Ferdinand è un toro da corrida, ma all’arena preferisce il profumo dei fiori. Fuggito dal ranch in cui vive per evitare di combattere, verrà accolto dalla piccola Nina che vive in una fattoria floreale. Un incidente lo costringerà a tornare in campo e a sfidare il temutissimo matador.
Adattamento di un cortometraggio della Disney del 1938, Ferdinand racconta del toro amante dei fiori e contrario alla violenza che tanto aveva avuto successo in passato. La storia è rimasta più o meno la stessa del corto, ma con l’inserimento di nuovi personaggi e sequenze divertenti.

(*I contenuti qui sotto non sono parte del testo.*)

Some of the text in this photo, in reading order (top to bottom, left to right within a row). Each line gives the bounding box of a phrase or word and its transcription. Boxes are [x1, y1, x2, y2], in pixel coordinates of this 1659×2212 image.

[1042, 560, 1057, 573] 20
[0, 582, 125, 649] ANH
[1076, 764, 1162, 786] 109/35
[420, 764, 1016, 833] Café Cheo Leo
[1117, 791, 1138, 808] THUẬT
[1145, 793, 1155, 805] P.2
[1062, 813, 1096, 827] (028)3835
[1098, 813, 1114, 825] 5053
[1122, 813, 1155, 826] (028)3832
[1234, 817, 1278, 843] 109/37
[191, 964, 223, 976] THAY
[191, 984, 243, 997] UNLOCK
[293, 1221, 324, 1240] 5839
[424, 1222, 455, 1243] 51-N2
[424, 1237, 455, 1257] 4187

Il tema di fondo è quello ormai comune a gran parte del cinema: la libertà di seguire la propria natura anche contro il giudizio degli altri. Ferdinand infatti fugge dal ranch in cui è destinato a diventare un toro da combattimento, per rifugiarsi in un luogo paradisiaco dove si coltivano solo fiori. Ma la realtà lo richiama ad affrontare la vita e quindi anche i fantasmi del passato. Scoprirà infatti che il padre, di cui aveva profonda stima, è morto durante una corrida, come accade a tutti i suoi simili, ucciso da un terribile torero, mentre tutti i tori non adatti alla lotta finiscono immancabilmente al mattatoio. Determinato a non abbandonare il suo animo gentile e a ritrovare la bimba che lo ha cresciuto con tanto amore, Ferdinand finirà per affrontare il matador, per salvare se stesso e i suoi amici, riuscendo a stravolgere i suo destino. La fiaba, anche se a lieto fine, non manca però di sottolineare con nemmeno troppa leggerezza, aspetti crudi dell’esistenza bovina, come appunto il rassegnarsi ad una fine crudele nella gloriosa arena o nel triste macello.

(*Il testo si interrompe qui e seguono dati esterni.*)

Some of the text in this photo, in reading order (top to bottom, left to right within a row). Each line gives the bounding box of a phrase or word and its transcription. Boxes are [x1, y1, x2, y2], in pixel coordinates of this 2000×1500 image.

A fare da controcanto a una linea narrativa molto delicata per gli argomenti, i personaggi che fanno da contorno a tutta la vicenda convincono in parte: la capra Lupe, palesemente esaurita, i cavalli ballerini, un pelo troppo idioti, e infine i tre simpaticissimi porcospini combattenti che più di tutti riescono a strappare grandi risate.

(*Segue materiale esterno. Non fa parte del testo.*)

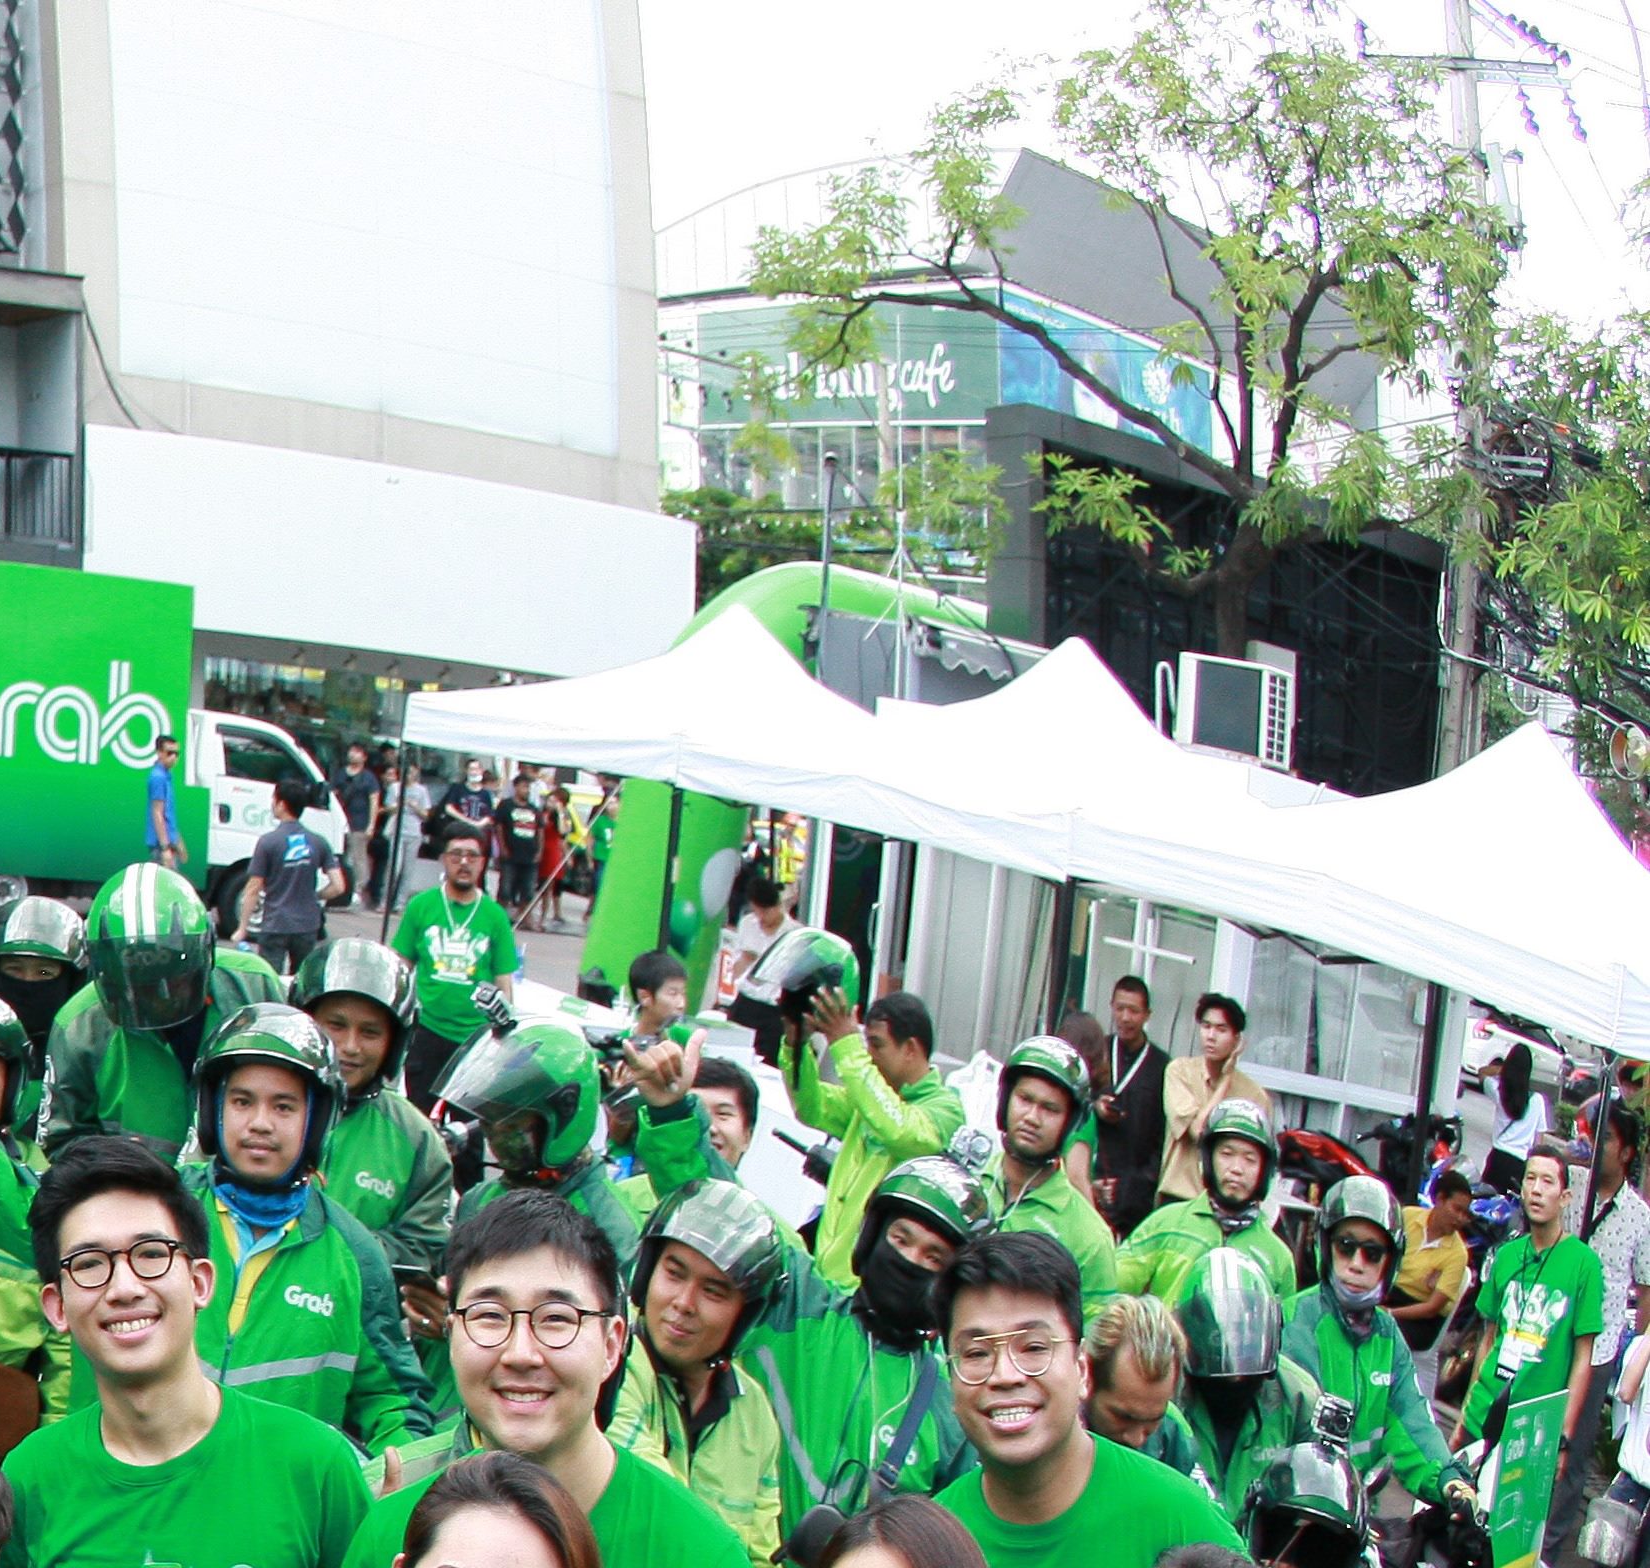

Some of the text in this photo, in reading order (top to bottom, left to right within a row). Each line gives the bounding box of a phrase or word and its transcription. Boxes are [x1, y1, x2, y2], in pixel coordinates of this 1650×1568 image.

[243, 802, 279, 828] Gr
[355, 1170, 396, 1200] Grab
[283, 1285, 334, 1317] Grab

Un film d’animazione simpatico, che tuttavia non rimane nel cuore dello spettatore. Il rischio è quello di affezionarsi di più ai personaggi di contorno, mentre l’eroe principale, per superare il cliché del machismo taurino, finisce sull’altra sponda, stereotipato e a tratti stucchevole nel suo essere pacifista e buono a tutti i costi.